▶ _Your objective_:
Will you extract the entries word for word? Images should not appear in the copy.

• • • • • • •

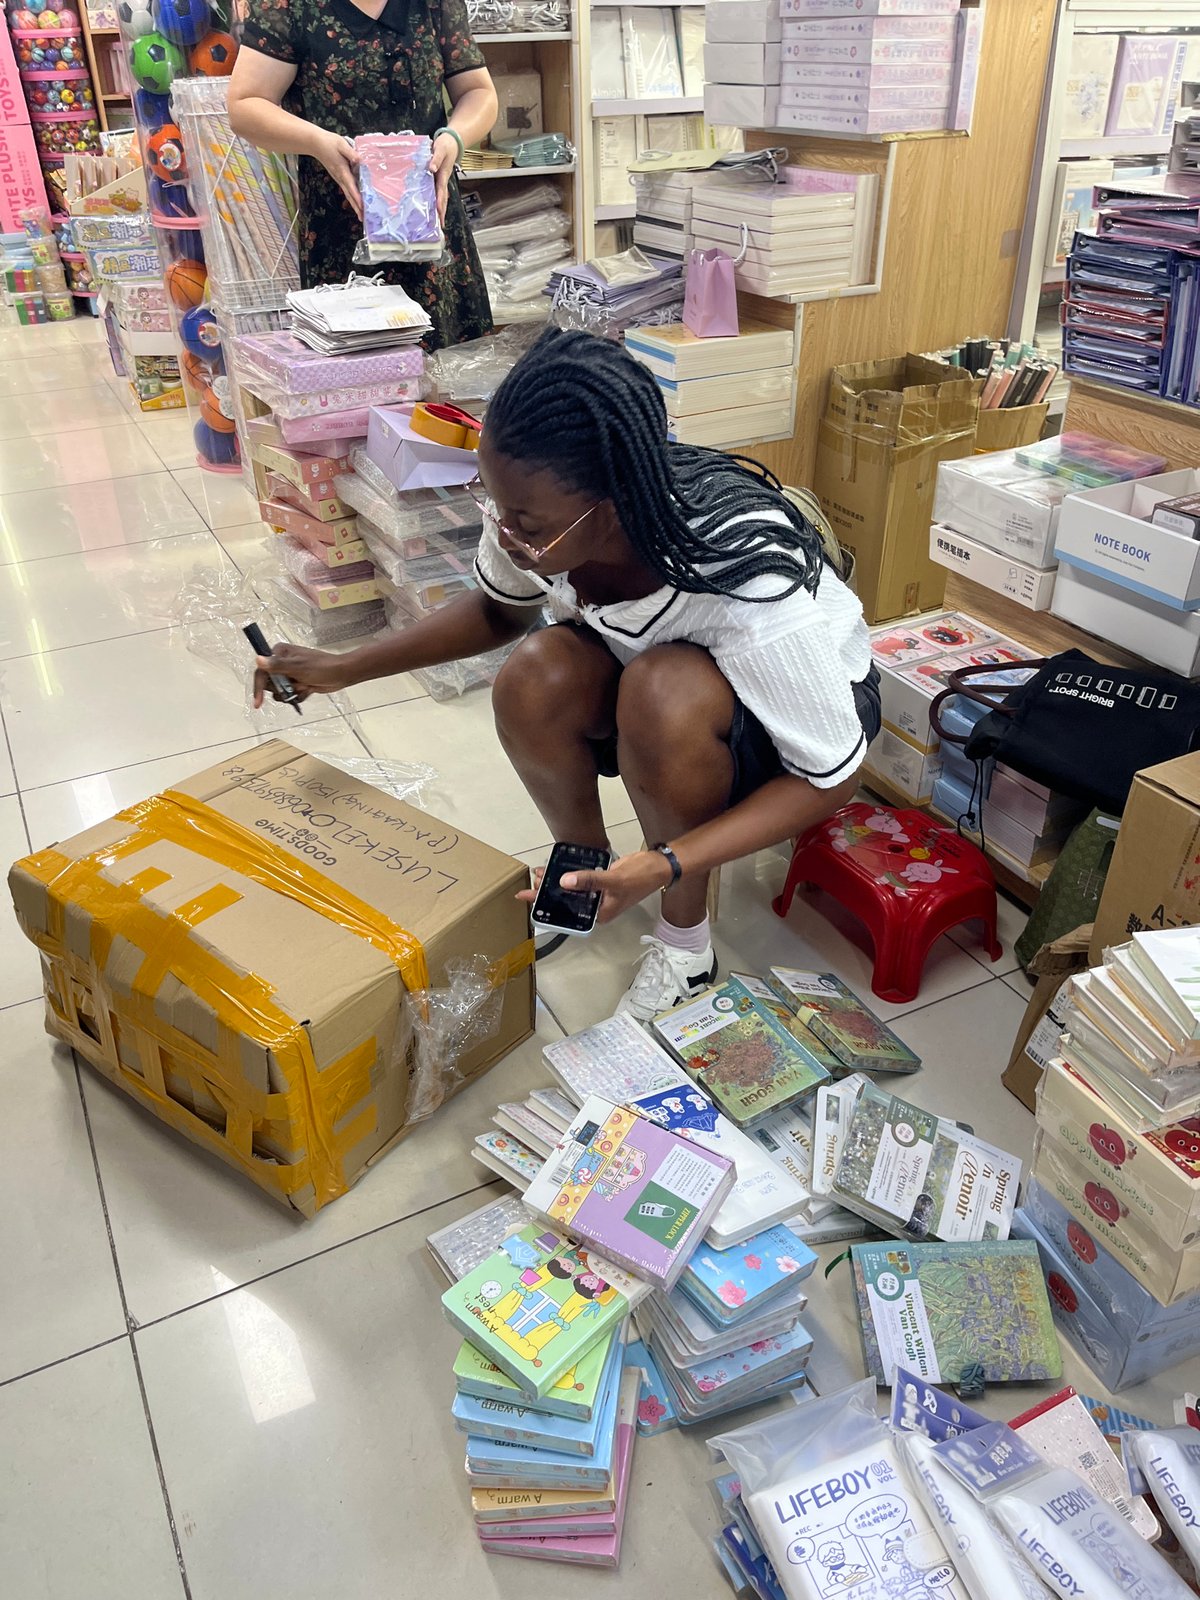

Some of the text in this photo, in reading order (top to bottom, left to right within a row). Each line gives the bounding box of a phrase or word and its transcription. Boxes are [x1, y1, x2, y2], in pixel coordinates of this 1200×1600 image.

[1094, 533, 1120, 551] NOTE
[1122, 543, 1152, 562] BOOK
[1052, 686, 1115, 708] BRIGHT SPOT
[309, 813, 460, 894] LUSEKELO
[739, 1068, 803, 1107] VAN GOGH
[823, 1134, 837, 1176] Spring
[1060, 1125, 1099, 1166] apple
[908, 1155, 923, 1184] Spring
[955, 1150, 979, 1220] Renoir
[982, 1162, 994, 1179] In
[990, 1169, 1011, 1214] Spring
[1055, 1182, 1094, 1222] apple
[664, 1207, 692, 1241] ZIPPER LOCK
[465, 1302, 499, 1334] A warm
[474, 1292, 496, 1314] nest
[899, 1309, 918, 1361] Van Gogh
[481, 1400, 526, 1418] A warm
[775, 1465, 872, 1524] LIFEBOY
[870, 1459, 894, 1476] 01
[877, 1475, 896, 1484] VOL.
[1150, 1456, 1200, 1528] LIFEBOY
[497, 1493, 543, 1504] A warm
[1040, 1489, 1091, 1526] LIFEBOY
[799, 1525, 812, 1535] REC
[1018, 1528, 1085, 1597] LIFEBOY
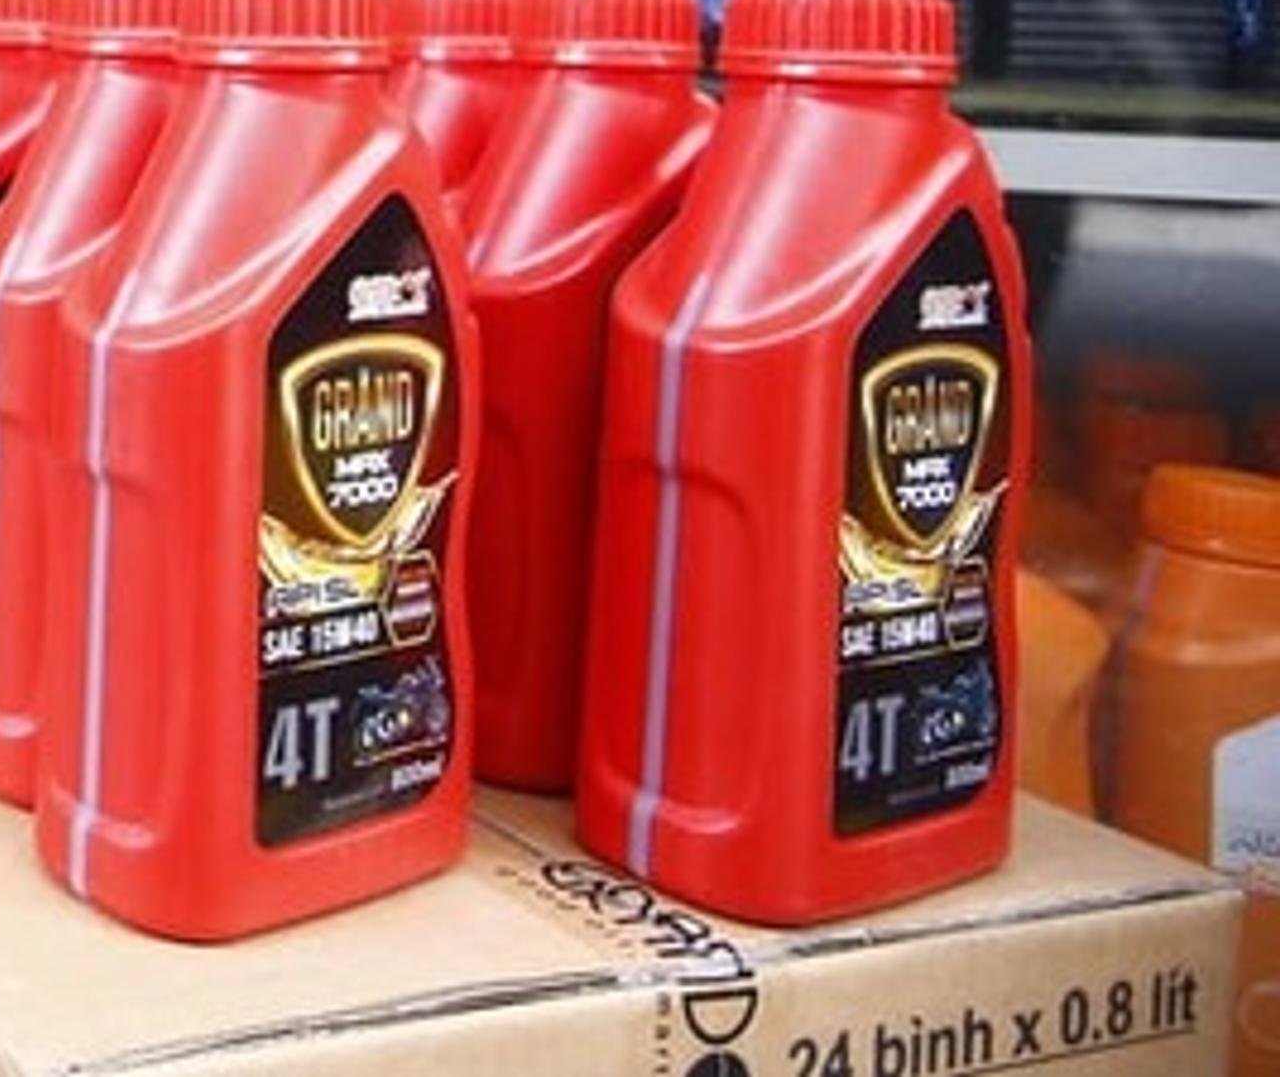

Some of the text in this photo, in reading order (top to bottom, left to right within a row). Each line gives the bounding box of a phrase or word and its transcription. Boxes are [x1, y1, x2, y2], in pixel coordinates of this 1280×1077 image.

[313, 368, 415, 452] GRAND
[884, 375, 973, 455] GRAND
[329, 475, 398, 508] 7000
[895, 481, 958, 512] 7000
[262, 626, 303, 664] SAE
[263, 696, 341, 789] 4T
[840, 692, 907, 781] 4T
[789, 1029, 855, 1077] 24
[1012, 1010, 1042, 1056] x
[1060, 979, 1135, 1046] 0.8
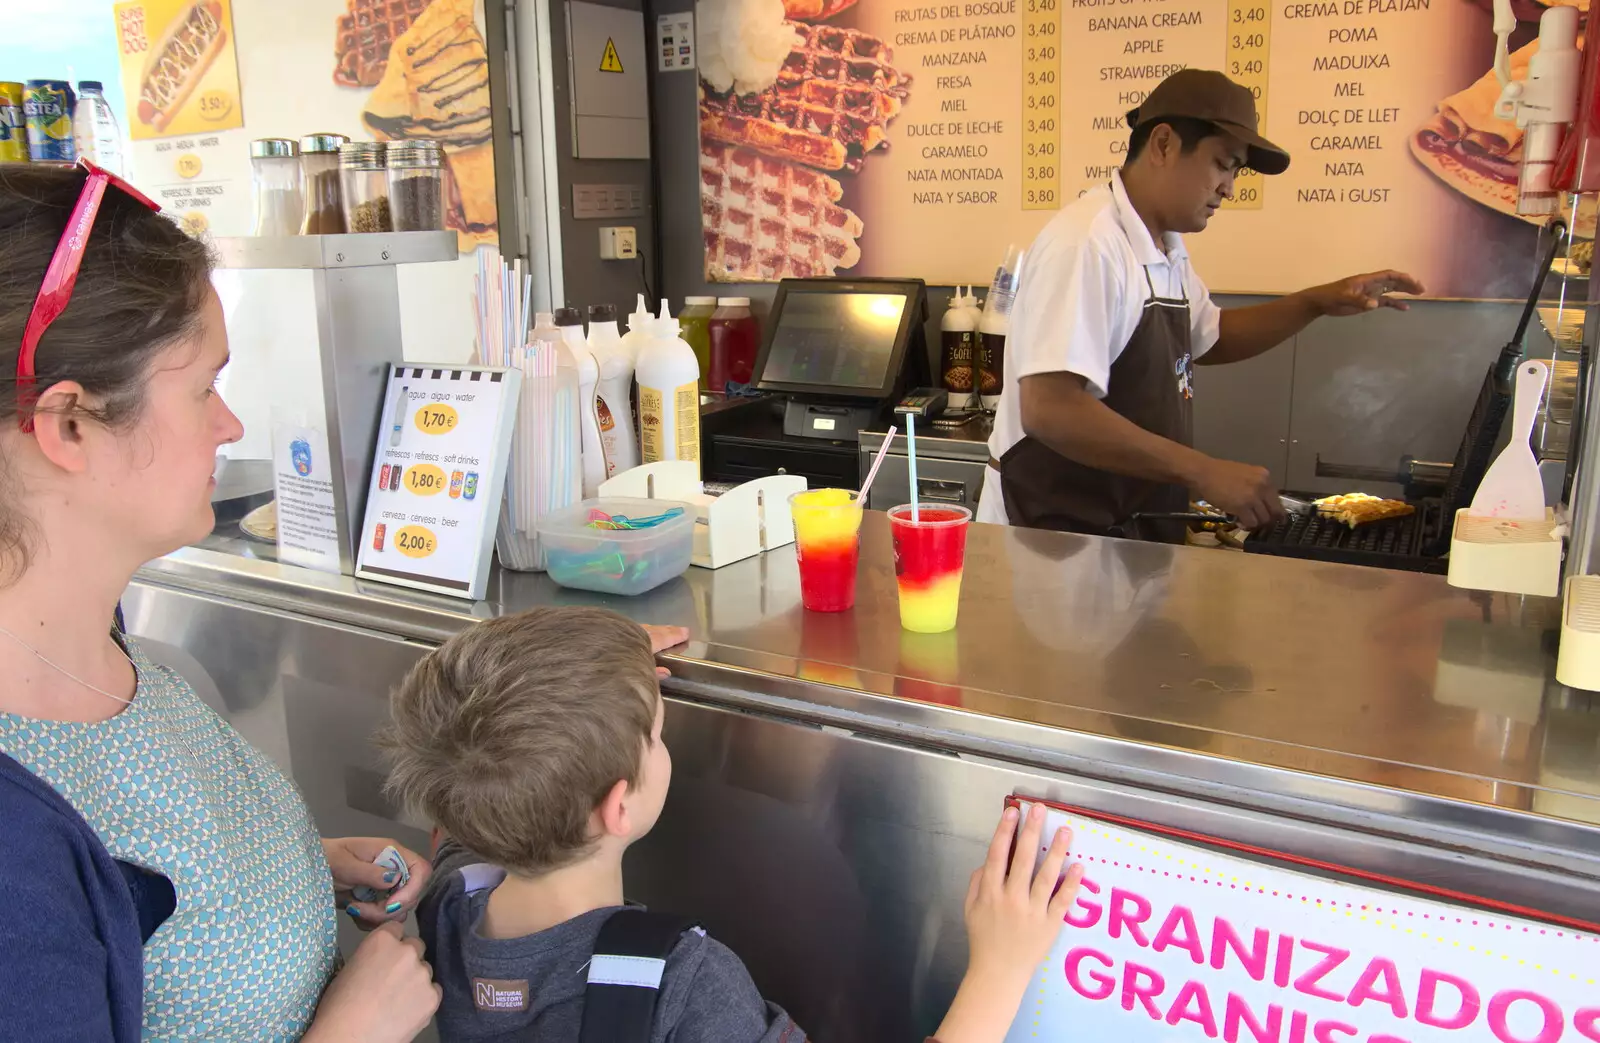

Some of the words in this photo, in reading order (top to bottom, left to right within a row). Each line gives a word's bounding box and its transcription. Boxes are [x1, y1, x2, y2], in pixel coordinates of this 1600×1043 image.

• • • • • • •

▶ _Written solution_:
Some of the text in this photo, in reading order (top to bottom, left to right within a row). Each line gives the bounding box of a phrase or word and its transcription. Boxes are [x1, y1, x2, y2], in pixel coordinates of this 1200×1600 image.

[1094, 533, 1120, 551] NOTE
[1122, 543, 1152, 562] BOOK
[1052, 686, 1115, 708] BRIGHT SPOT
[309, 813, 460, 894] LUSEKELO
[739, 1068, 803, 1107] VAN GOGH
[823, 1134, 837, 1176] Spring
[1060, 1125, 1099, 1166] apple
[908, 1155, 923, 1184] Spring
[955, 1150, 979, 1220] Renoir
[982, 1162, 994, 1179] In
[990, 1169, 1011, 1214] Spring
[1055, 1182, 1094, 1222] apple
[664, 1207, 692, 1241] ZIPPER LOCK
[465, 1302, 499, 1334] A warm
[474, 1292, 496, 1314] nest
[899, 1309, 918, 1361] Van Gogh
[481, 1400, 526, 1418] A warm
[775, 1465, 872, 1524] LIFEBOY
[870, 1459, 894, 1476] 01
[877, 1475, 896, 1484] VOL.
[1150, 1456, 1200, 1528] LIFEBOY
[497, 1493, 543, 1504] A warm
[1040, 1489, 1091, 1526] LIFEBOY
[799, 1525, 812, 1535] REC
[1018, 1528, 1085, 1597] LIFEBOY

Some of the text in this photo, in reading order (top to bottom, left to right within a row). Each line gives the bounding box of a phrase or word and its transcription. Boxes are [x1, y1, x2, y2], in pixel coordinates of this 1280×1077 image.

[313, 368, 415, 452] GRAND
[884, 375, 973, 455] GRAND
[329, 475, 398, 508] 7000
[895, 481, 958, 512] 7000
[262, 626, 303, 664] SAE
[263, 696, 341, 789] 4T
[840, 692, 907, 781] 4T
[789, 1029, 855, 1077] 24
[1012, 1010, 1042, 1056] x
[1060, 979, 1135, 1046] 0.8

Some of the words in this photo, in reading order (top to bottom, left to right within a row). Each line gives a word's bounding box and its transcription. Boxes are [x1, y1, x2, y2], in pixel coordinates of this 1600×1043 image.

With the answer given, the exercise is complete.